2. Plastic is a cheap material. The base products required to manufacture are inexpensive and plastic can be manufactured on mass. See "What is the process for making plastic?" for a brief summary of how plastic is made.
Plastic Waste Today
Consequently, plastic production has increased dramatically. A recent study (Geyer et al., 2017) of the production, use and fate of all plastics ever made found:
- The global production of plastic resins and fibers has increased from 2 million tons in 1950 to 380 million tons in 2015.
- This means plastic production has increased at an annual rate of 8.4%.
This study calculated the use and fate of these plastics between 1950 and 2015 and estimated that 30% of plastics ever produced are currently still in use. Therefore, the remaining 70% of plastic is considered a waste product (plastic waste). Of this plastic waste:
- 12% has been incinerated.
- 9% has been recycled.
- 60% has been discarded in the natural environment or is accumulating in landfills.
- The fate of the remaining 19% is unaccounted for in the study.
Plastic Waste in the Future
This study then projected plastic waste production in 2050 using the growth trend they calculated from 1950 – 2015. They found that by 2050, the amount of global plastic waste in the natural environments or landfills will have doubled in comparison to the 2015 estimate. If we were to be optimistic and assume that all plastics will end up in landfills rather than the natural environment, this is still a problem. This is because there is only limited landfill storage space and general waste production (all rubbish that we put in our bins and tip sites) is set to triple by 2100 (Hoornweg et al., 2013). Therefore, rapid plastic waste production is part of a much wider problem regarding the unsustainable amount of waste that human populations create.

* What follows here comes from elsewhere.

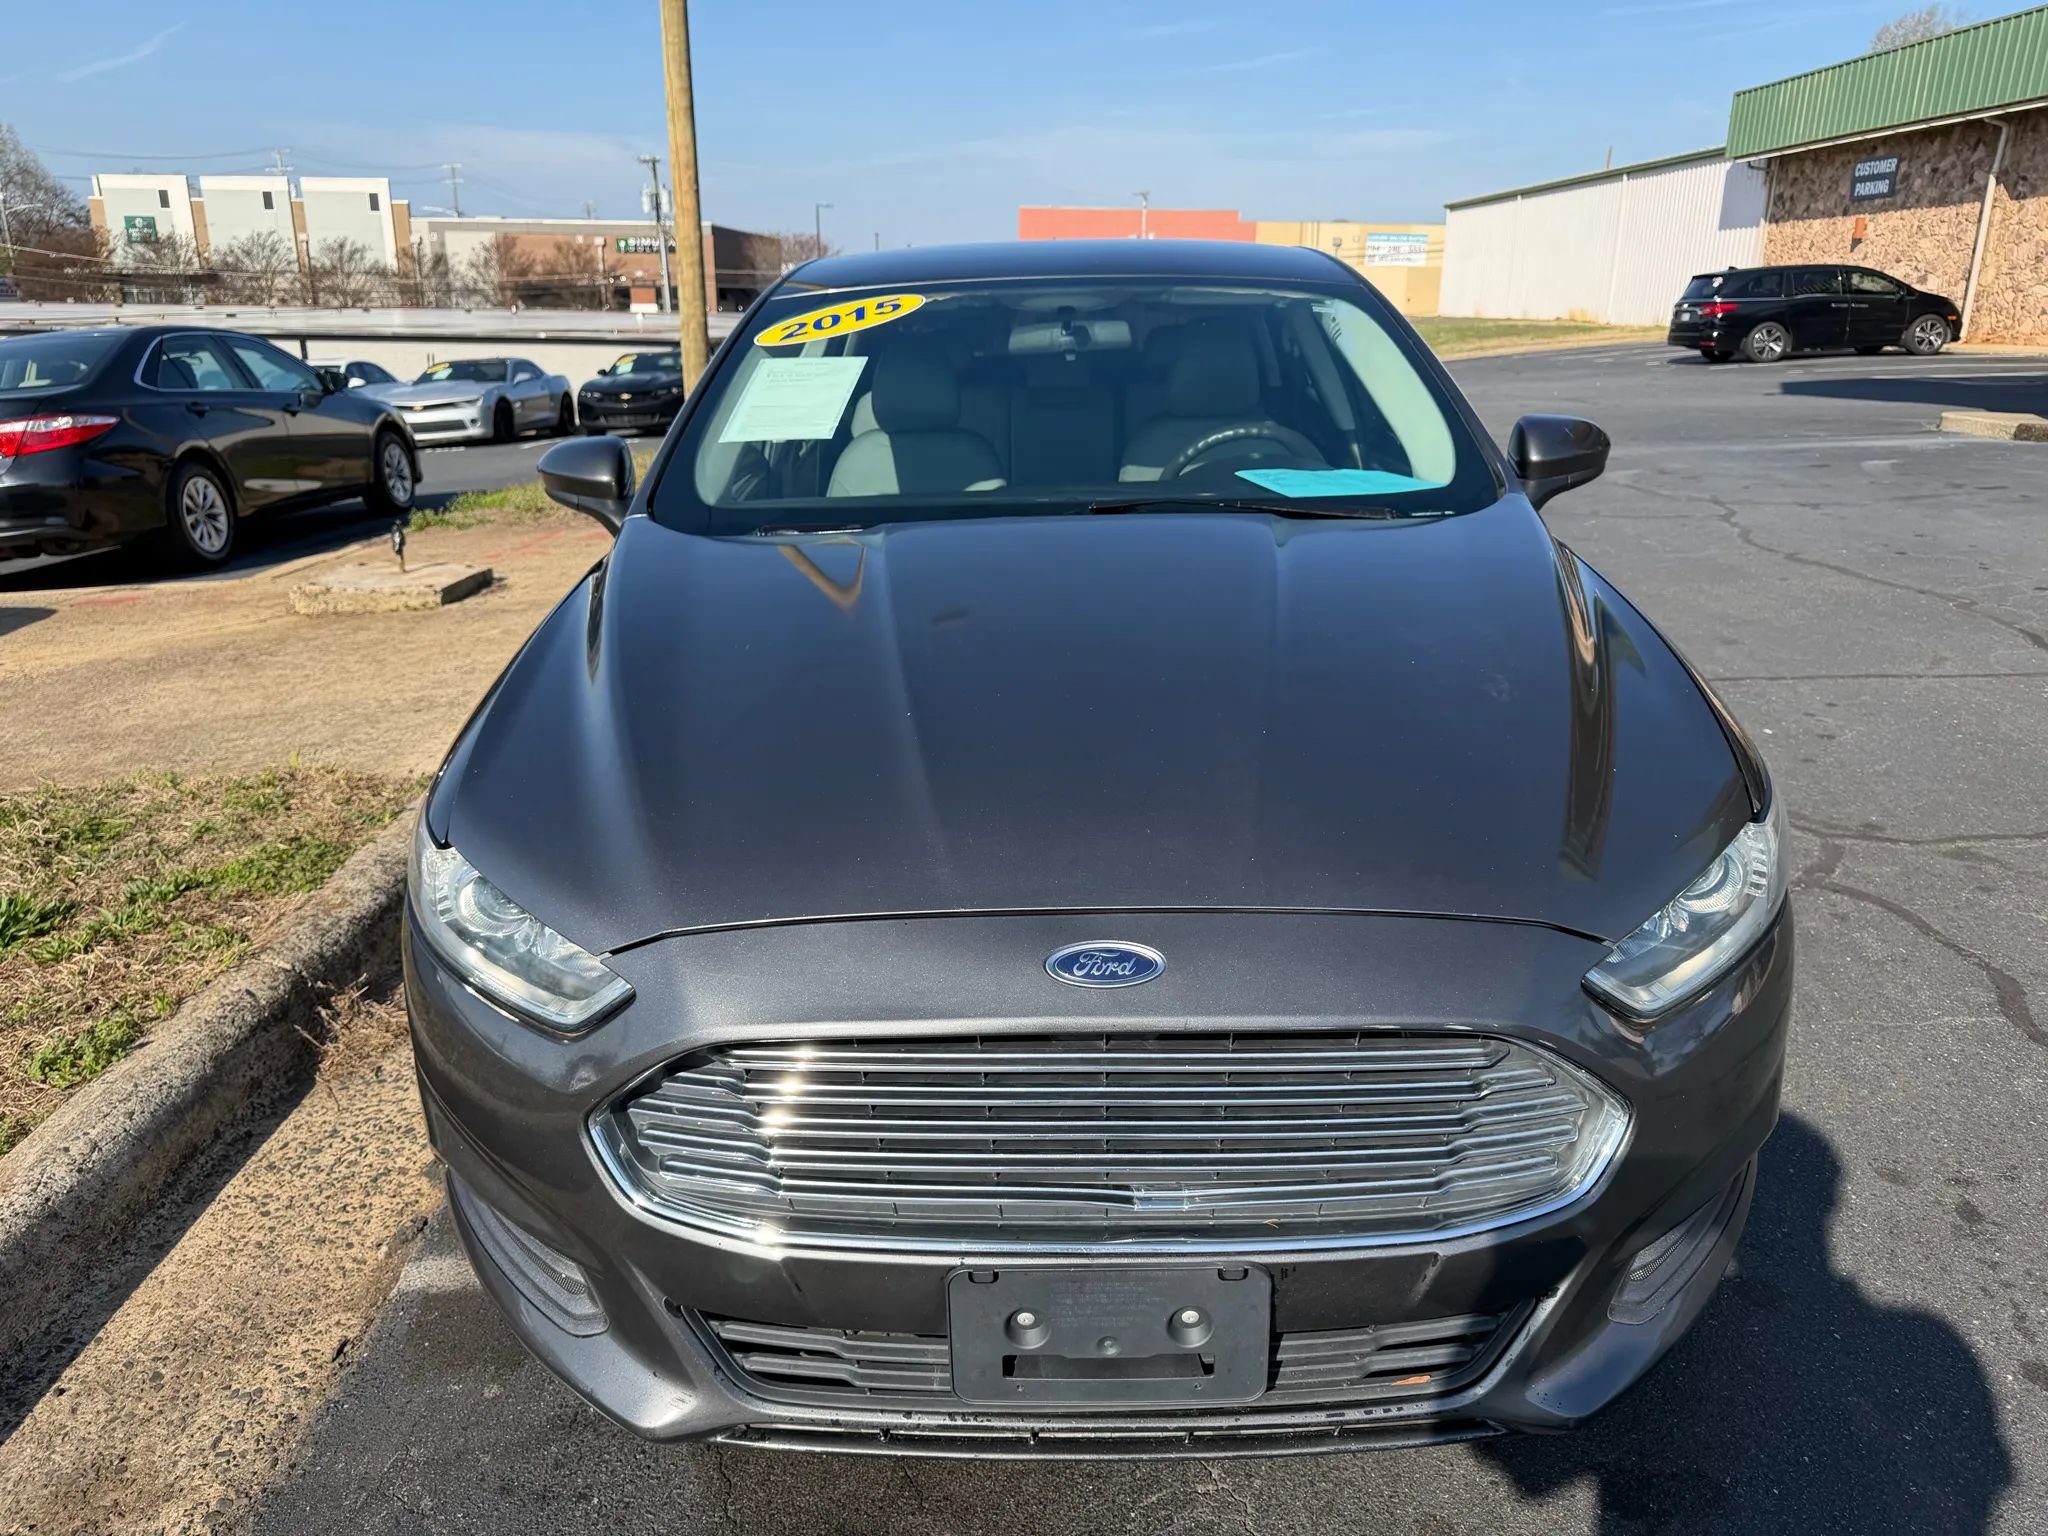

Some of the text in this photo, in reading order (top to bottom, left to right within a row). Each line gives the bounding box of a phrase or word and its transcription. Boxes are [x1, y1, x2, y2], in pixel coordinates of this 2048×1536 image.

[1855, 158, 1898, 177] CUSTOMER
[1854, 179, 1889, 196] PARKING
[778, 298, 902, 342] 2015
[1072, 951, 1137, 976] Ford

Geyer, R., Jambeck, J.R. and Law, K.L., (2017). Production, use, and fate of all plastics ever made. Science advances, 3(7), p.e1700782.
Hoornweg, D. et al. (2013). Waste production must peak this century. Nature Comment. Available at: <https://www.iswa.org/fileadmin/galleries/News/NATURE_Comment_waste.pdf> (Accessed: 24 June 2020).
Napper, I.E. and Thompson, R.C., (2020). Plastic Debris in the Marine Environment: History and Future Challenges. Global Challenges, p.1900081.